Le lit où a dormi Wansche Gourdet à Necoclí.
Le lit où a dormi Wansche Gourdet à Necoclí. © Wansche Gourdet.

Ici, il y a surtout des Haïtiens, partis du Brésil ou du Chili en général. [Nombre d’entre eux étaient allés chercher du travail là-bas, après avoir fui Haïti à la suite du tremblement de terre de 2010, NDLR.] 

Par contre, pour acheter les tickets de bateau, les Vénézuéliens ne font pas la même queue que nous.

Des migrants patientent pour acheter un ticket de bateau, à Necoclí.
Des migrants patientent pour acheter un ticket de bateau, à Necoclí. © Wansche Gourdet.

“À Necoclí, nous avons dormi sur la plage, dans nos tentes”

Rosa (pseudonyme) est vénézuélienne. Elle est arrivée à Necoclí le 30 juillet, après être partie de Chimbote, au Pérou, où elle vivait. Elle aussi a dû traverser l’Équateur pour arriver en Colombie.

Quand nous sommes arrivés à Necoclí, nous avons immédiatement pu acheter des tickets de bateau pour aller à Capurganá, où nous sommes arrivés le 1er août [interviewée le 2 août, elle a indiqué qu’elle comptait entamer la traversée de la jungle du Darién le 3 août, NDLR].

J’ai l’impression qu’il est plus facile pour les Vénézuéliens d’acheter des tickets de bateau, car nous pouvons obtenir un “permis” de la part des autorités colombiennes [il s’agit du “permis de transit”, qui leur permet de transiter légalement en Colombie, NDLR], contrairement aux autres nationalités. Donc on nous vend les tickets comme si nous étions colombiens. Cela dit, quand nous les avons achetés, ils n’en vendaient qu’une douzaine par jour aux Vénézuéliens. 

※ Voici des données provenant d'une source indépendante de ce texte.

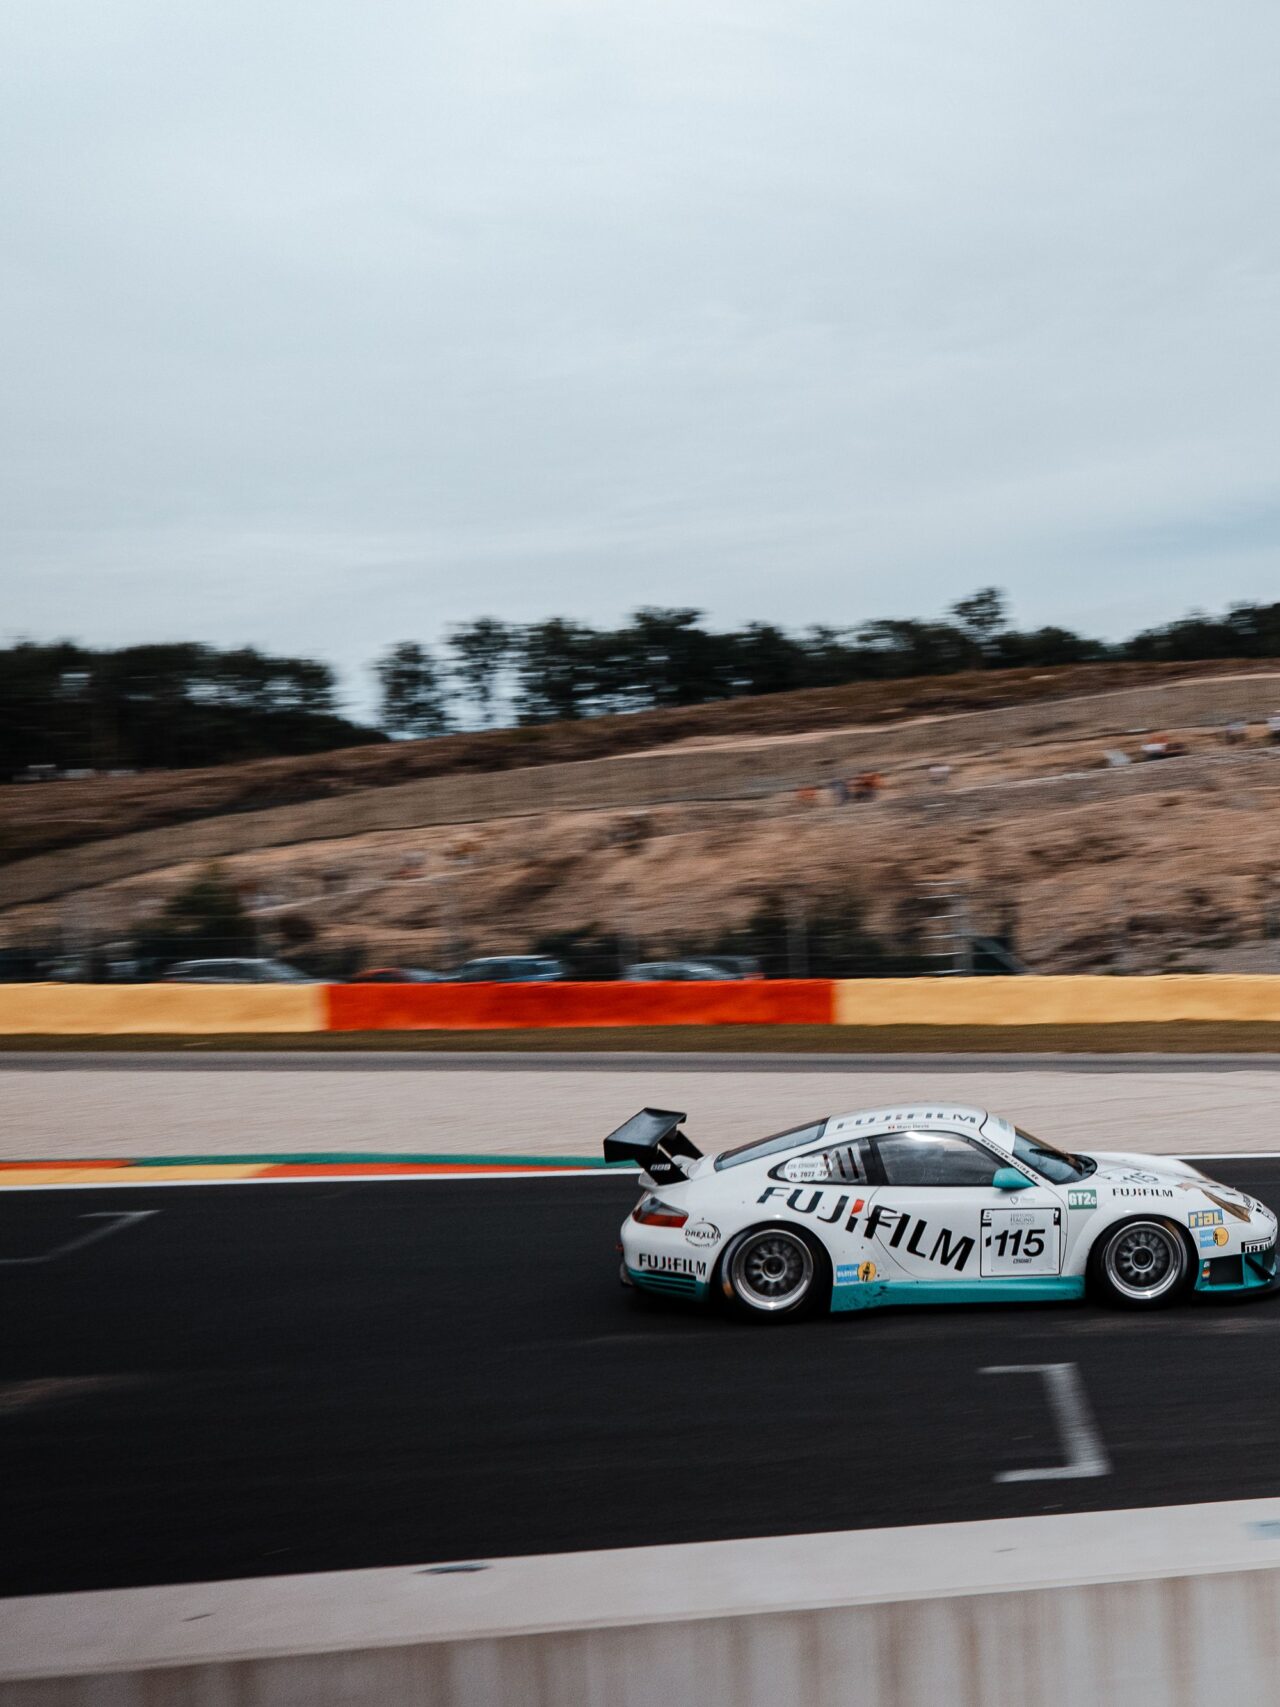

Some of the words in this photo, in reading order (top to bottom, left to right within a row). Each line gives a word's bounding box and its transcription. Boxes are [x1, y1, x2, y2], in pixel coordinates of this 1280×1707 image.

[1069, 1192, 1097, 1206] GT2c
[1112, 1188, 1174, 1198] FUJIFILM
[684, 1229, 721, 1240] DREXLER
[756, 1186, 976, 1272] FUJIFILM
[995, 1228, 1046, 1258] 115
[638, 1252, 707, 1277] FUJIFILM

Durant nos deux jours à Necoclí, nous avons dormi sur la plage, dans nos tentes.


Vidéo tournée à Necoclí fin juillet.

État de “calamité publique” déclaré à Necoclí

Bien que cette arrivée massive de migrants soit bénéfique pour l’économie locale, les autorités de Necoclí ont déclaré l’état de “calamité publique” fin juillet. En pleine pandémie de Covid-19, elles craignent les conséquences sanitaires liées à l’entassement des migrants sur les plages, dans les parcs, les hôtels et les maisons des particuliers. Sans compter que de nombreux services sont saturés – accès à l’eau, aux denrées alimentaires ou encore aux services bancaires – dans cette ville qui ne compte qu’environ 40 000 habitants en temps normal.

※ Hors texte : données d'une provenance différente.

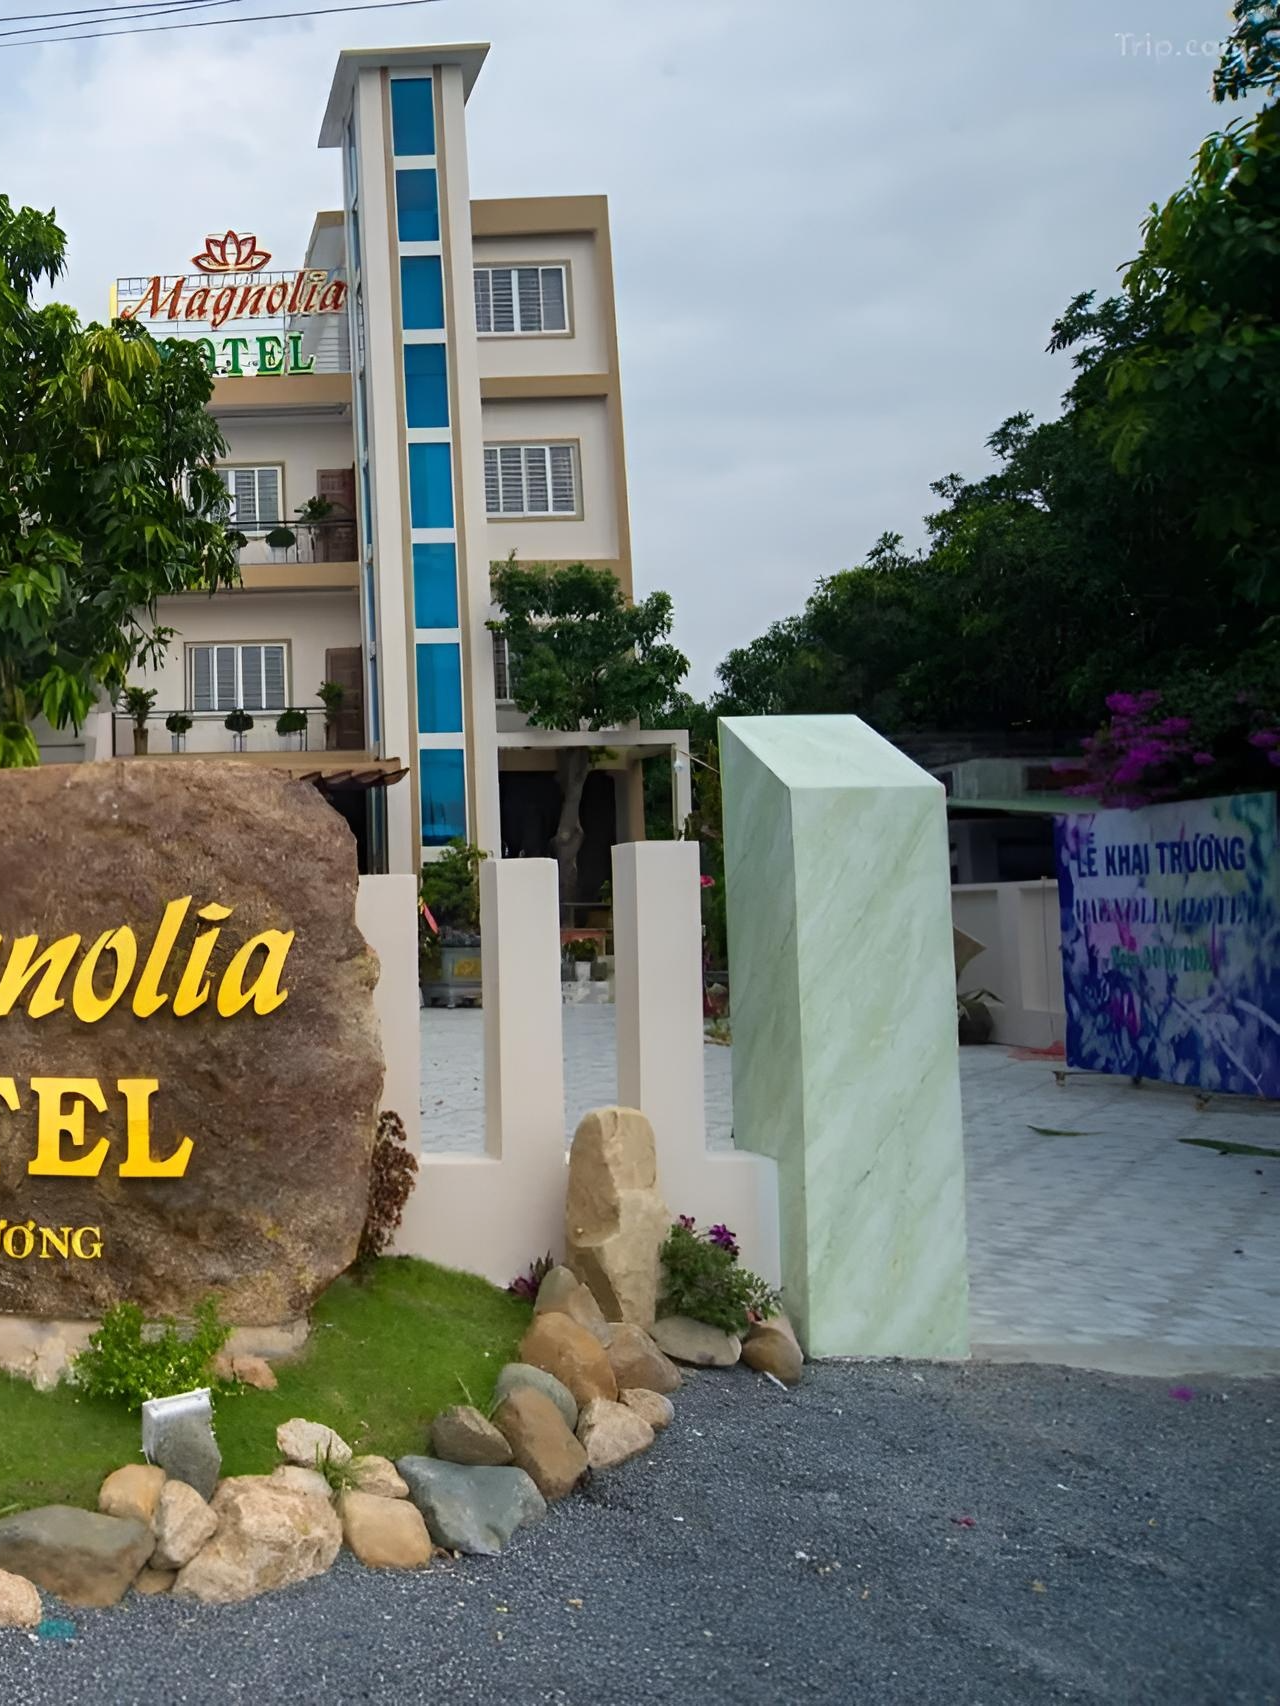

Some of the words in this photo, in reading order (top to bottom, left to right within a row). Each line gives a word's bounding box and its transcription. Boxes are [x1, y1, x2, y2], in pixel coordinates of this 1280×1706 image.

[120, 271, 348, 331] Magnolia
[194, 331, 315, 377] OTEL
[1105, 841, 1150, 877] KHAI

Ces arrivées de migrants pourraient découler, en partie, de la pandémie de Covid-19 et de ses implications politiques et économiques. Dans de nombreux pays d’Amérique latine où ils résidaient, l’économie a ainsi été durement touchée par les mesures de confinement et d’autres restrictions. Alors que les frontières ont rouvert graduellement, après avoir été fermées pendant des mois, nombre d’entre eux ont alors souhaité partir pour tenter leur chance en Amérique du nord. 

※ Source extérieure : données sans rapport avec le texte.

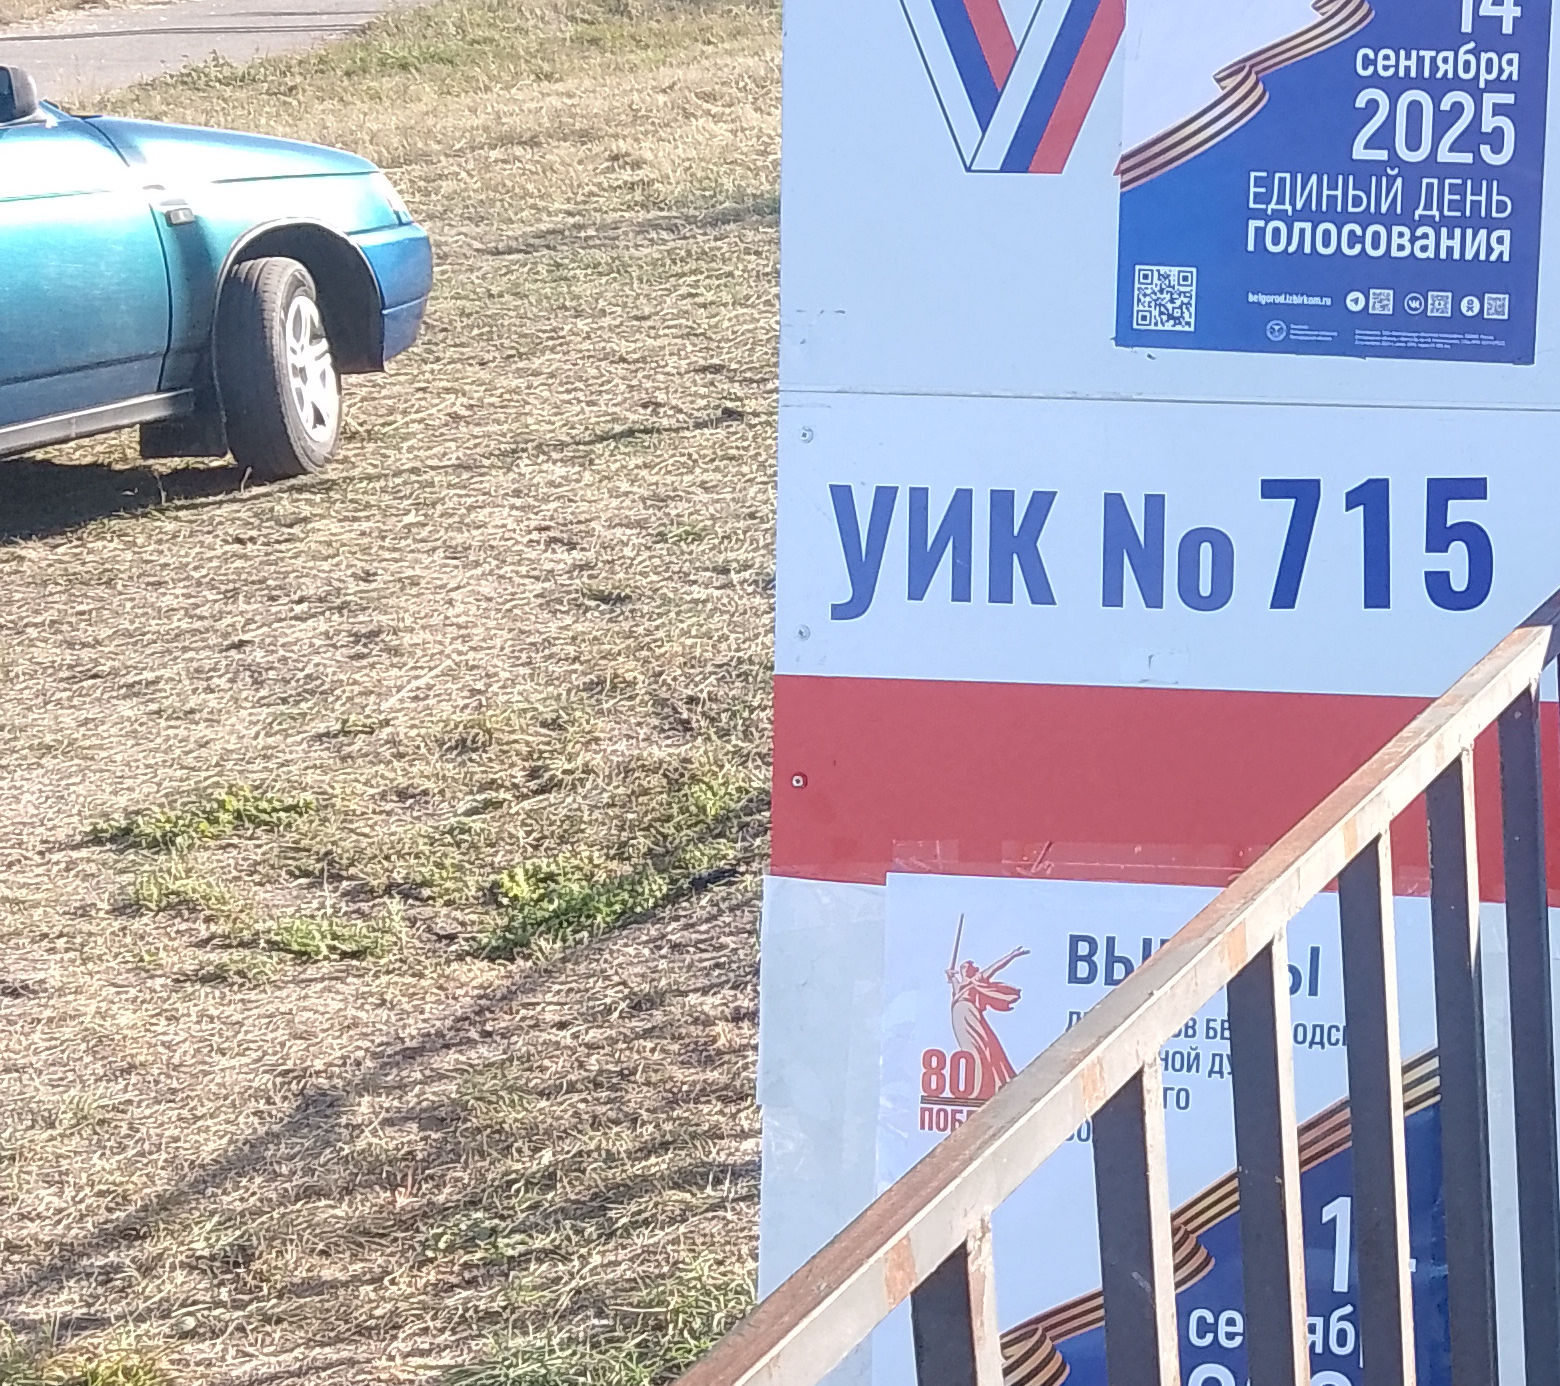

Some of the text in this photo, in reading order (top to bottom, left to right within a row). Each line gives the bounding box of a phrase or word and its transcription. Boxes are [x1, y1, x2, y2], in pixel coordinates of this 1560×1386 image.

Selon Juan Francisco Espinosa, directeur du service des migrations en Colombie, seules 4 000 personnes ont transité dans cette zone en 2020, en raison du Covid-19, alors qu’il y avait eu des pics de 30 000 personnes dans le passé : “Mais cette année, les chiffres sont absolument alarmants. Plus de 25 000 migrants en situation irrégulière sont déjà passés dans cette zone du pays.”